- PROBLEM:
Leave the images out, and otherwise write out each entry exactly.
(DATASET CONTENT Opens)
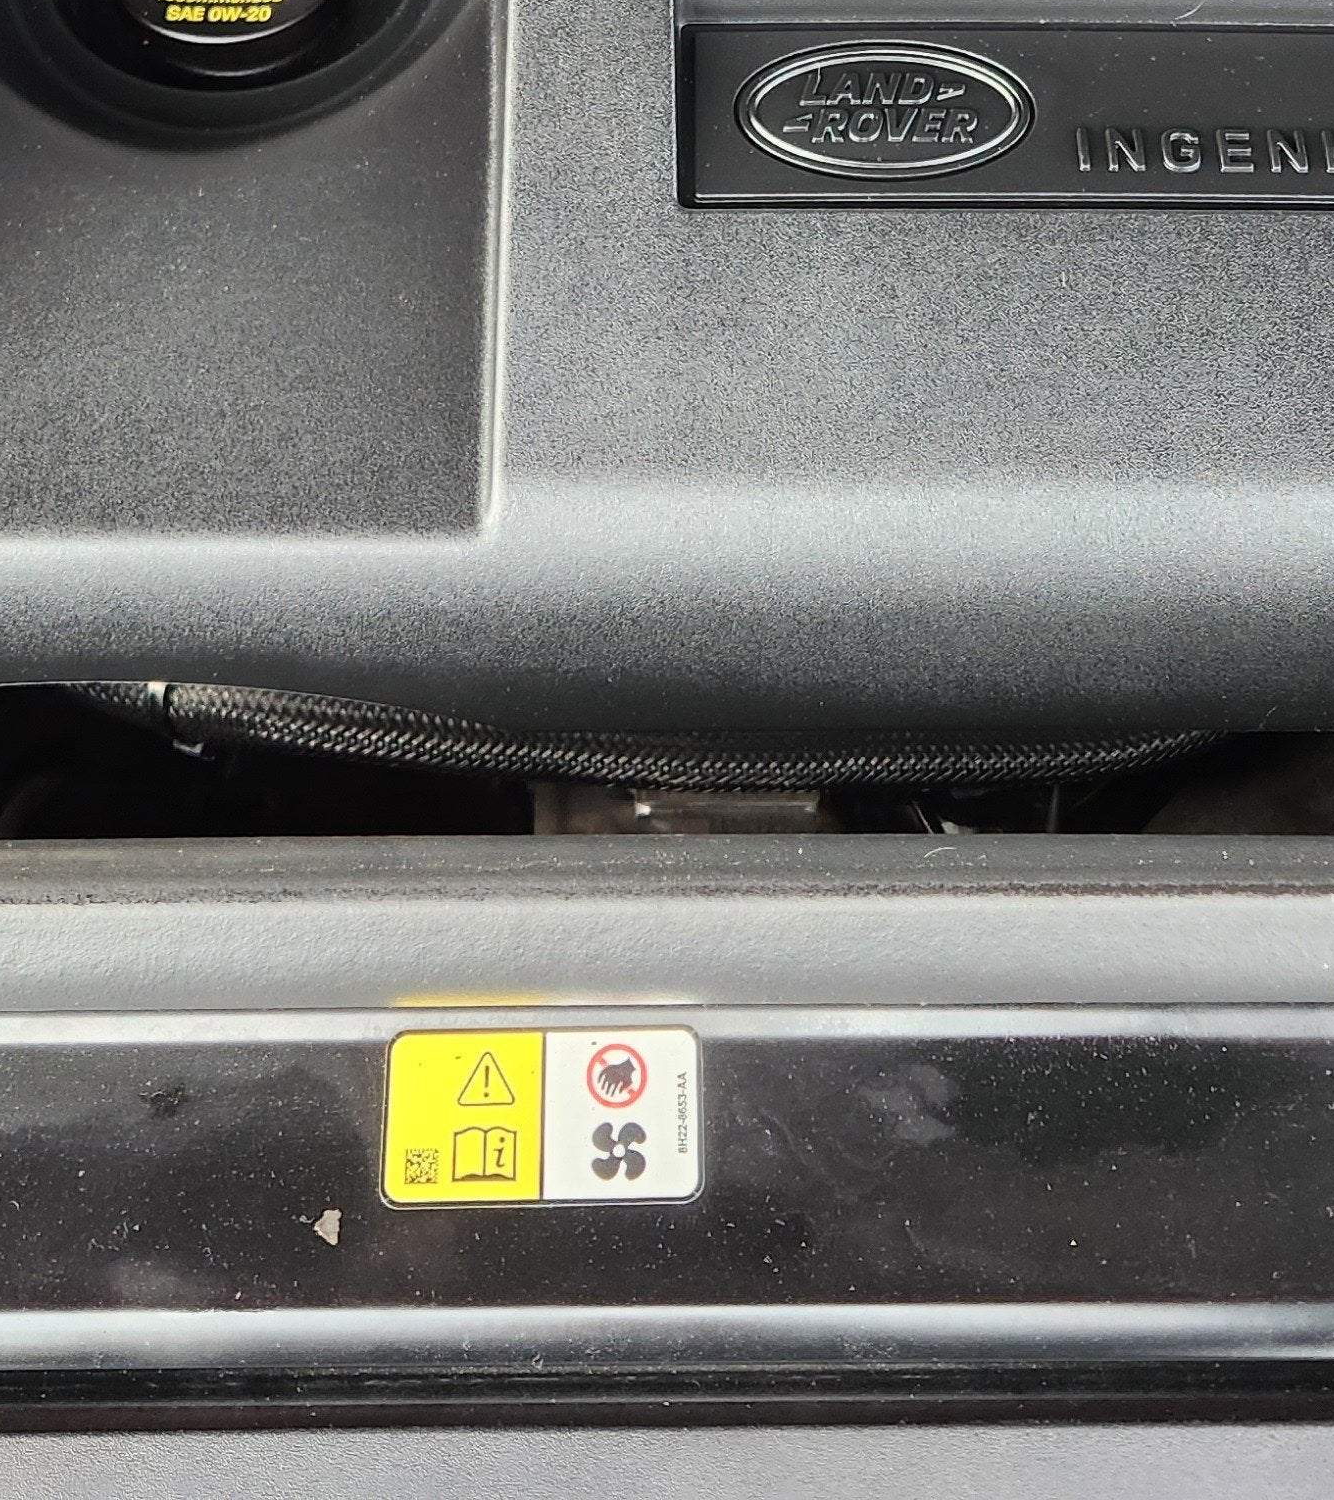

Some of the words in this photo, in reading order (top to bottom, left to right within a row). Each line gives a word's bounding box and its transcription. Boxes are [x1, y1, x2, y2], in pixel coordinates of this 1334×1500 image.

[166, 5, 205, 22] SAE
[207, 5, 272, 23] 0W-20
[798, 72, 935, 107] LAND
[810, 107, 978, 144] ROVER
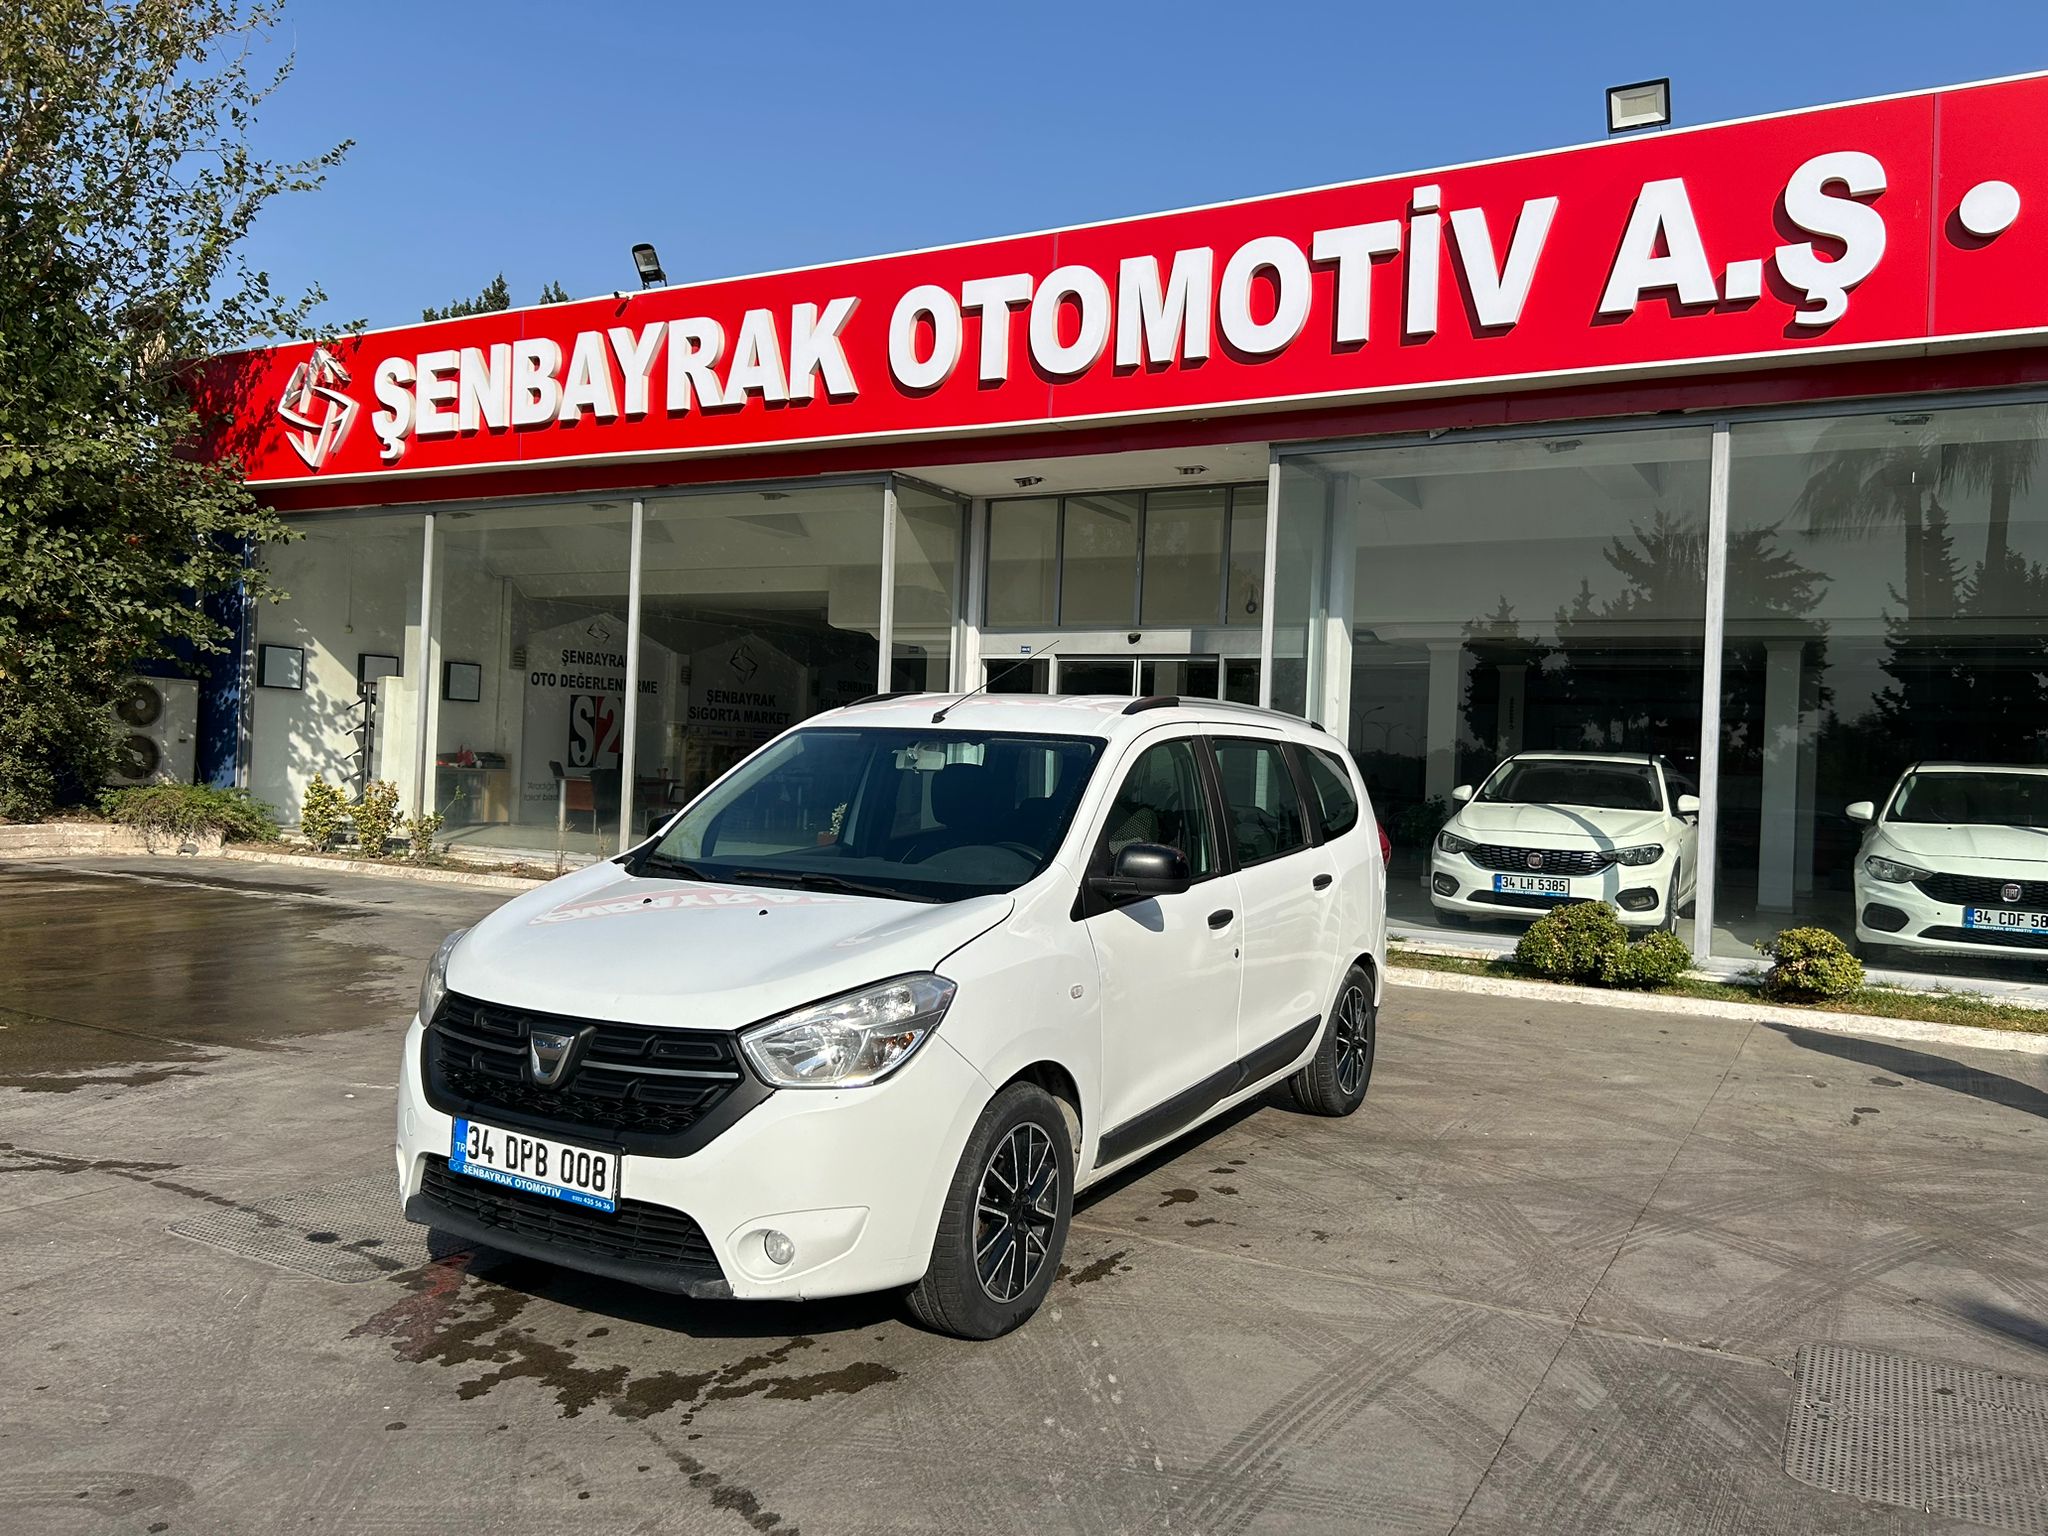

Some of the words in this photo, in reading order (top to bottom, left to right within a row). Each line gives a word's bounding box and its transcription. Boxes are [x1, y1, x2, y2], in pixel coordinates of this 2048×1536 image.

[371, 296, 861, 460] ŞENBAYRAK
[888, 184, 1560, 389] OTOMOTİV
[1598, 150, 1888, 327] A.Ş
[561, 649, 627, 667] ŞENBAYRA
[531, 672, 557, 687] OTO
[560, 673, 658, 694] DEĞERLENRME
[706, 689, 776, 707] ŞENBAYRAK
[743, 710, 791, 725] MARKET
[1502, 876, 1515, 888] 34
[1520, 878, 1533, 890] LH
[1538, 879, 1566, 892] 5385
[1974, 909, 1992, 924] 34
[1999, 911, 2026, 926] CDF
[455, 1141, 466, 1153] TR
[467, 1125, 495, 1164] 34
[506, 1134, 548, 1177] DPB
[560, 1148, 607, 1192] 008
(DATASET CONTENT Closes)
- RESULT FOR THIS EXERCISE:
Some of the words in this photo, in reading order (top to bottom, left to right within a row). Each line gives a word's bounding box and its transcription. Boxes are [x1, y1, x2, y2], in pixel coordinates of this 1334×1500 image.

[166, 5, 205, 22] SAE
[207, 5, 272, 23] 0W-20
[798, 72, 935, 107] LAND
[810, 107, 978, 144] ROVER

Some of the words in this photo, in reading order (top to bottom, left to right within a row). Each line gives a word's bounding box and its transcription. Boxes are [x1, y1, x2, y2], in pixel coordinates of this 2048×1536 image.

[371, 296, 861, 460] ŞENBAYRAK
[888, 184, 1560, 389] OTOMOTİV
[1598, 150, 1888, 327] A.Ş
[561, 649, 627, 667] ŞENBAYRA
[531, 672, 557, 687] OTO
[560, 673, 658, 694] DEĞERLENRME
[706, 689, 776, 707] ŞENBAYRAK
[743, 710, 791, 725] MARKET
[1502, 876, 1515, 888] 34
[1520, 878, 1533, 890] LH
[1538, 879, 1566, 892] 5385
[1974, 909, 1992, 924] 34
[1999, 911, 2026, 926] CDF
[455, 1141, 466, 1153] TR
[467, 1125, 495, 1164] 34
[506, 1134, 548, 1177] DPB
[560, 1148, 607, 1192] 008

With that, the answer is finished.